Spanning more than three decades of world history—34 years, to be precise, from 1957 to 1991—Aleksandr Sokurov’s Director’s Diary unfolds as a dense notebook of annotations and observations. Except for a handful of personal fragments, the film moves far from the realm of a private journal and instead takes the shape of an immense survey of the political, economic, cultural, scientific, and sporting events that defined those turbulent years. What Sokurov offers here is less an intimate diary than a personal compilation of milestones, supported by an extraordinary trove of Russian archival footage.
The structure is consistent and rarely deviates across its five daunting hours. Each year opens with what appear to be handwritten notes by Sokurov himself, followed by intertitles that list the key events of that period, paired with contemporary footage: film reels, news reports, propaganda materials, or cultural ephemera. The choices are not idiosyncratic enough to feel like a subjective diary, yet they provide a framework for a chronological narrative of the era. The archival images, always drawn from material of the time, sustain the viewer’s immersion in this sweeping historical montage.

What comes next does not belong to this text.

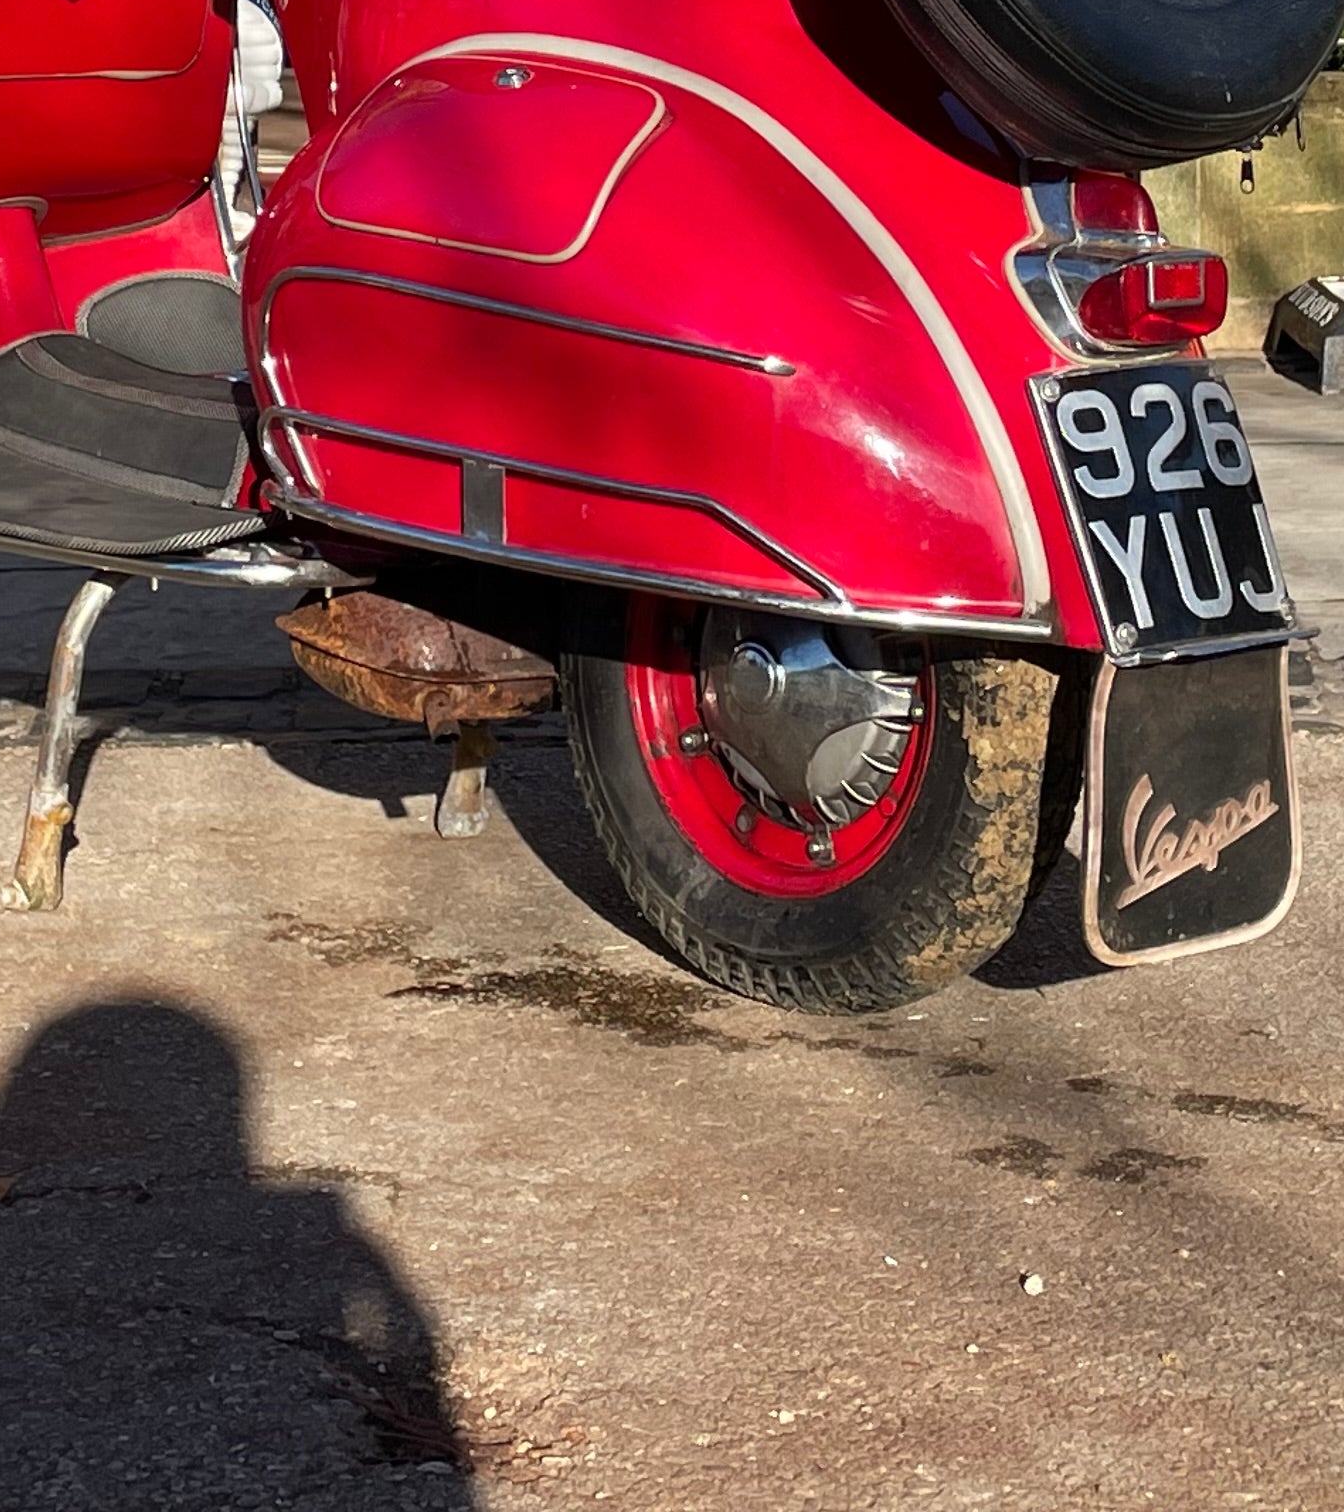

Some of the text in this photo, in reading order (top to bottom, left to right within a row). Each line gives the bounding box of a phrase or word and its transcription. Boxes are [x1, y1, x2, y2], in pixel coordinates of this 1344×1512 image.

[1055, 381, 1253, 499] 926
[1088, 502, 1288, 629] YUJ
[1117, 772, 1281, 908] Vespa

The roll call of events is astonishing in its breadth: major scientific breakthroughs, Academy Awards ceremonies, sporting competitions, the Space Race, book publications, the births and deaths of cultural figures, wars, tragedies, and political upheavals. The Soviet Union remains the gravitational center of the narrative, with text highlighting the constant oscillations in its political and social life. What emerges is an endless compendium of human history—some episodes monumental, others minor, and a few bordering on trivia—that alternately impresses and exhausts.
If the film has an undeniable strength, it lies in its remarkably preserved archival footage, most of it in crisp black-and-white. One could imagine an alternative version that would let these images breathe without being constantly overlaid with text. Sokurov’s insistence on including everything—the essential and the trivial, the urgent and the absurd—creates a dissonant, almost cacophonous clash between words and images. The result is that Director’s Diary often feels like a film one ends up reading rather than watching.
Sokurov’s system does not sustain five uninterrupted hours of viewing. But approached in smaller doses—say, a five-year block at a time—it becomes more digestible, even illuminating. In this fragmented form, the film works as a vivid rediscovery of the Cold War era, with its rhythms, contradictions, and milestones. Less a diary than an encyclopedia, Director’s Diary resembles a semester-long history course projected on screen: exhaustive, overwhelming, yet often captivating.